Recherche en psychiatrie : 3 questions au professeur Philip Gorwood
Philip Gorwood est professeur de psychiatrie à l’Université Paris Cité et chef de service au GHU Paris psychiatrie & neurosciences. Depuis trois ans, il préside le Comité d’experts du programme de recherche sur les maladies psychiatriques de la Fondation de France. Lancé en 2016, ce programme accompagne des projets de recherche qui reposent sur une coopération entre cliniciens et chercheurs, autour de trois objectifs : identifier des biomarqueurs permettant d’établir des diagnostics plus précoces, améliorer la prise en charge des patients en évaluant les pratiques thérapeutiques existantes et développer des traitements plus efficaces.
Pourquoi est-il essentiel de soutenir la recherche en psychiatrie ?
La psychiatrie est souvent perçue comme le parent pauvre de la recherche médicale, et cela se reflète dans les financements qui lui sont alloués. En France, il n’existe pas de budget pérenne, c’est-à-dire un financement stable et continu, spécifiquement dédié à ce domaine. Pourtant, les troubles psychiatriques concerneront une personne sur quatre au cours de sa vie. Ces pathologies, qu’il s’agisse de dépression, d’anxiété, d’addiction ou de maladies graves comme la schizophrénie, ont un impact considérable sur la vie des patients, leurs proches et sur la société dans son ensemble.
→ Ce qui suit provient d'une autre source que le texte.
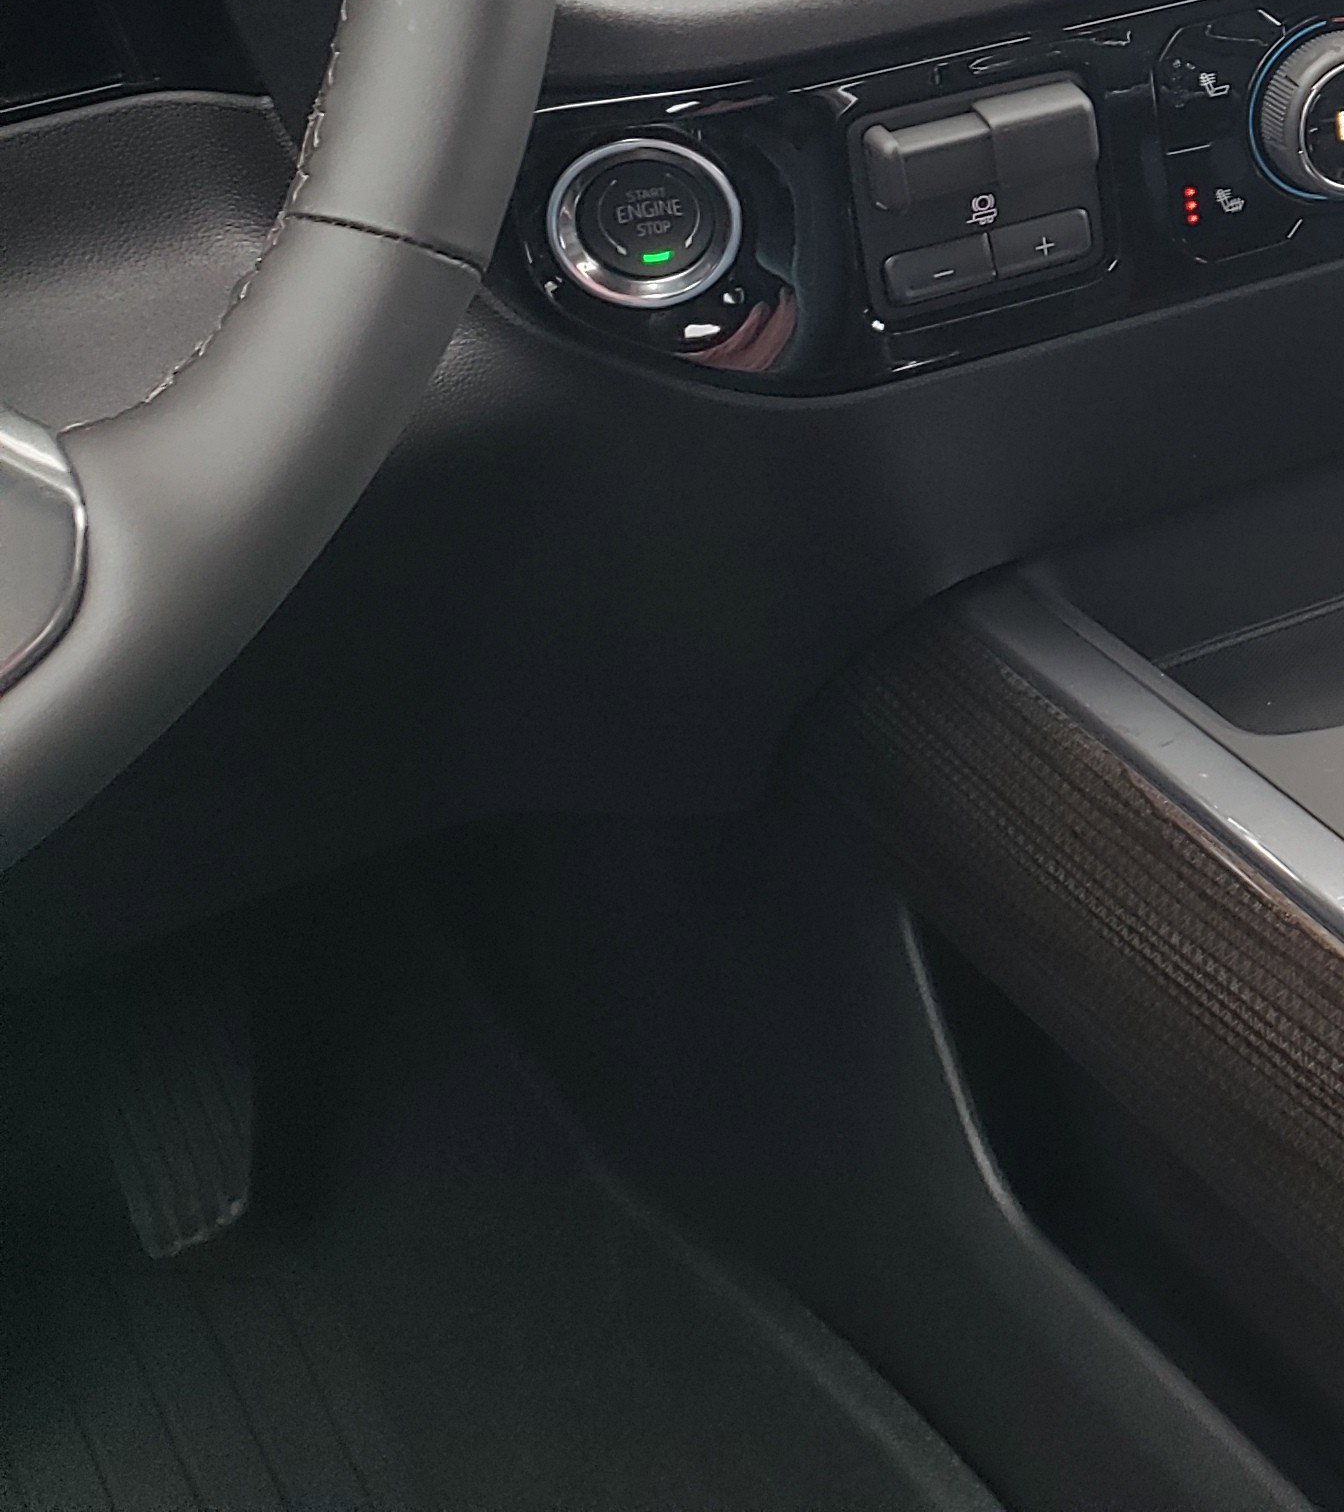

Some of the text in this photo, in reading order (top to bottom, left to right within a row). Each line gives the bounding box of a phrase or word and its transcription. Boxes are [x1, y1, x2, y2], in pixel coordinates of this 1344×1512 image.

[625, 187, 665, 203] START
[616, 199, 684, 224] ENGINE
[637, 220, 671, 237] STOP
L’une des particularités de la psychiatrie, c’est qu’elle traite de troubles fonctionnels. Cela signifie que le problème ne se manifeste pas par une lésion ou une blessure visible dans le cerveau, comme on peut en voir après un AVC (accident vasculaire cérébral), mais par des perturbations dans la communication entre les différentes zones du cerveau. Ces caractéristiques rendent ces maladies plus difficiles à étudier et à comprendre.
Une des spécificités de votre approche est de mixer recherche clinique (avec les patients) et recherche fondamentale (en laboratoire). Pourquoi ce choix ?
Pour avancer, il est indispensable de faire collaborer deux mondes : les cliniciens, qui soignent les patients et observent leurs symptômes, et les chercheurs, qui étudient en laboratoire les mécanismes biologiques, chimiques ou génétiques de ces troubles. Cette collaboration entre la médecine et la recherche est indispensable pour développer des solutions concrètes. Prenez par exemple le programme REMANO (rémission dans l’anorexie mentale) développé par l’Institut de Psychiatrie et Neurosciences de Paris (IPNP) du GHU Paris psychiatrie & neurosciences : il a permis d’identifier un biomarqueur sanguin capable de prédire les rechutes dans l’anorexie mentale. Cette avancée nous aidera à anticiper des situations critiques pour mieux prendre en charge, de manière personnalisée, les patients. Les neurosciences et la biologie ouvrent des perspectives inédites. À condition d’investir davantage, ces avancées peuvent transformer durablement la prise en charge des patients.
Quels sont les grands défis et priorités pour l’avenir de la psychiatrie ?
Je suis convaincu que la psychiatrie va connaître une révolution dans les dix prochaines années, grâce aux avancées extraordinaires des neurosciences. Nous devons également investir dans la relève. Dès cette année, la Fondation de France ouvre un appel d’offres dédié aux jeunes chercheurs ayant moins de dix ans de carrière après leur thèse. L’objectif est de repérer les talents prometteurs et leur permettre de s’installer durablement dans le champ de la recherche en psychiatrie. Ce soutien est crucial car, en France, les chercheurs débutants manquent souvent de ressources pour lancer des projets ambitieux.
Enfin, il est essentiel de changer le regard que l’on porte sur la psychiatrie. Trop souvent stigmatisée, perçue comme "moins scientifique" ou "moins crédible", cette discipline souffre encore d’un manque de reconnaissance. Pourtant, nos critères diagnostiques sont rigoureux et validés, et les progrès en neurosciences montrent à quel point la psychiatrie est une science précise. Mais cette stigmatisation reste un frein, car elle limite les financements et dissuade parfois les patients de demander de l’aide. En France, les « coming out » – lorsque des personnalités publiques assument avoir vécu un trouble mental – restent rares, contrairement à ce que l’on observe dans des pays comme les États-Unis. Ces témoignages jouent pourtant un rôle essentiel pour humaniser les maladies mentales. En incarnant ces pathologies à travers des visages humains, nous pouvons susciter l’empathie, mobiliser davantage de soutien et, à terme, faire progresser la prise en charge.